[Not really OT] Crowdstrike Analysis: It was a NULL pointer from the memory unsafe C++ language.
Paolo Invernizzi
paolo.invernizzi at gmail.com
Fri Jul 26 17:19:20 UTC 2024
On Friday, 26 July 2024 at 14:59:52 UTC, Guillaume Piolat wrote:
> On Friday, 26 July 2024 at 08:43:19 UTC, Paolo Invernizzi wrote:
> Not really big on @safe (where is the RoI???? where are the
> products that beat the competition by being safe)
https://www.adacore.com/uploads/techPapers/222559-adacore-nvidia-case-study-v5.pdf
>, but when
> currently used @trusted has 2 different semantic meanings:
>
> 1 - @trusted that means "I've audited that the @system function
> I call are memoy-safe. do not grep this, there is nothing to
> see"
> 2 - @trusted that means "TODO, this is necessary because I've
> slapped @safe on top and must go on with productive things.
> I'll get back later! I should have marked this @system in the
> first place. I promise i'll get back and fix it!!1"

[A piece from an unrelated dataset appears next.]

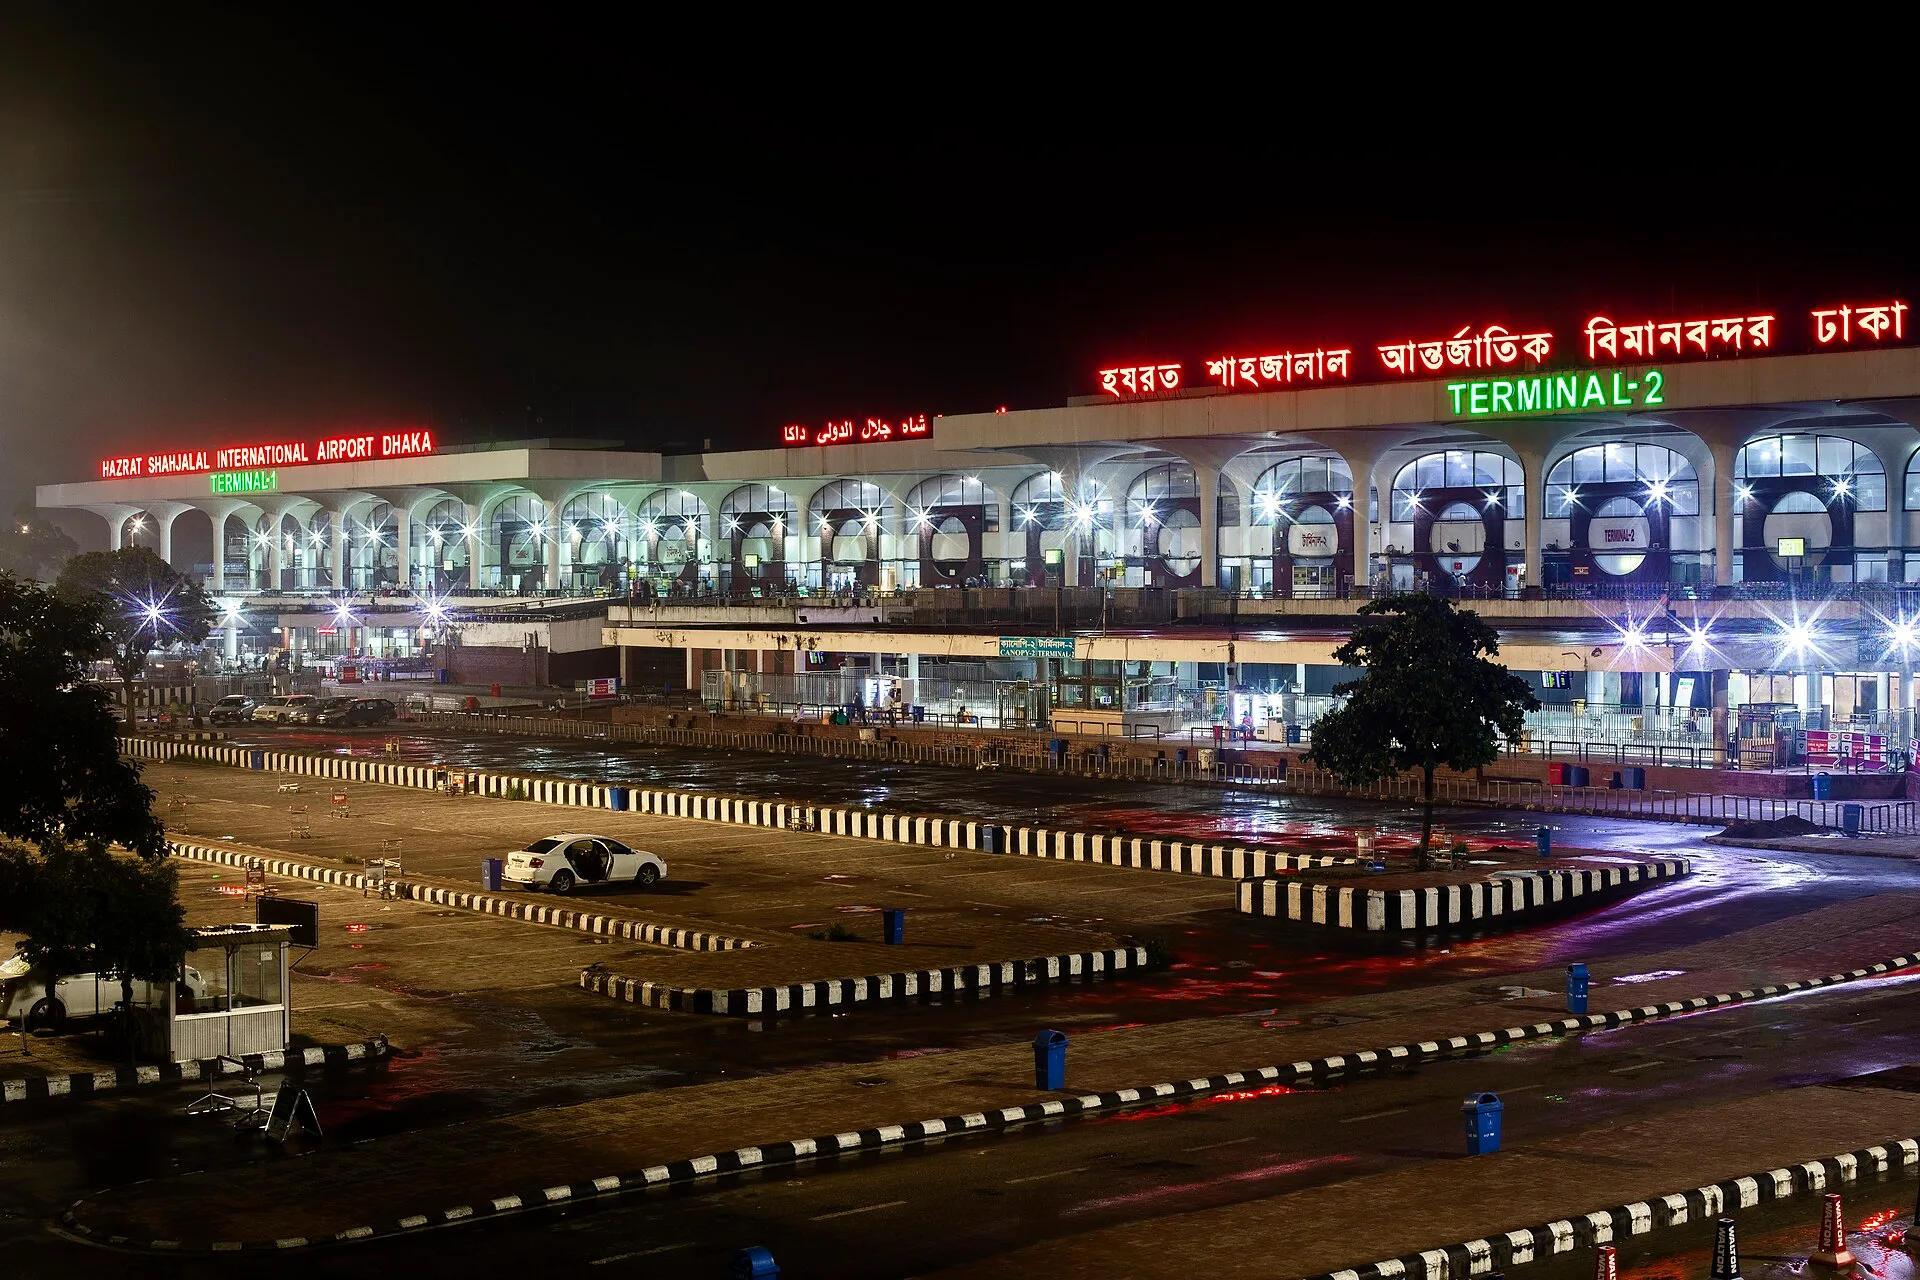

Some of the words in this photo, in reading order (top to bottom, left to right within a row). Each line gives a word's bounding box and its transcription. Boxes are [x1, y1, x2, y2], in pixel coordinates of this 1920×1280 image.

The second one is safe washing. If we need this as an aid tool
during development it should not be a mere "comment" on code, but
something that the compiler can enforce: in Elm for example, that
we are using as a frontend, the compiler complains if you try to
build a release versione of the code and you have not removed
things that should not appear in a release.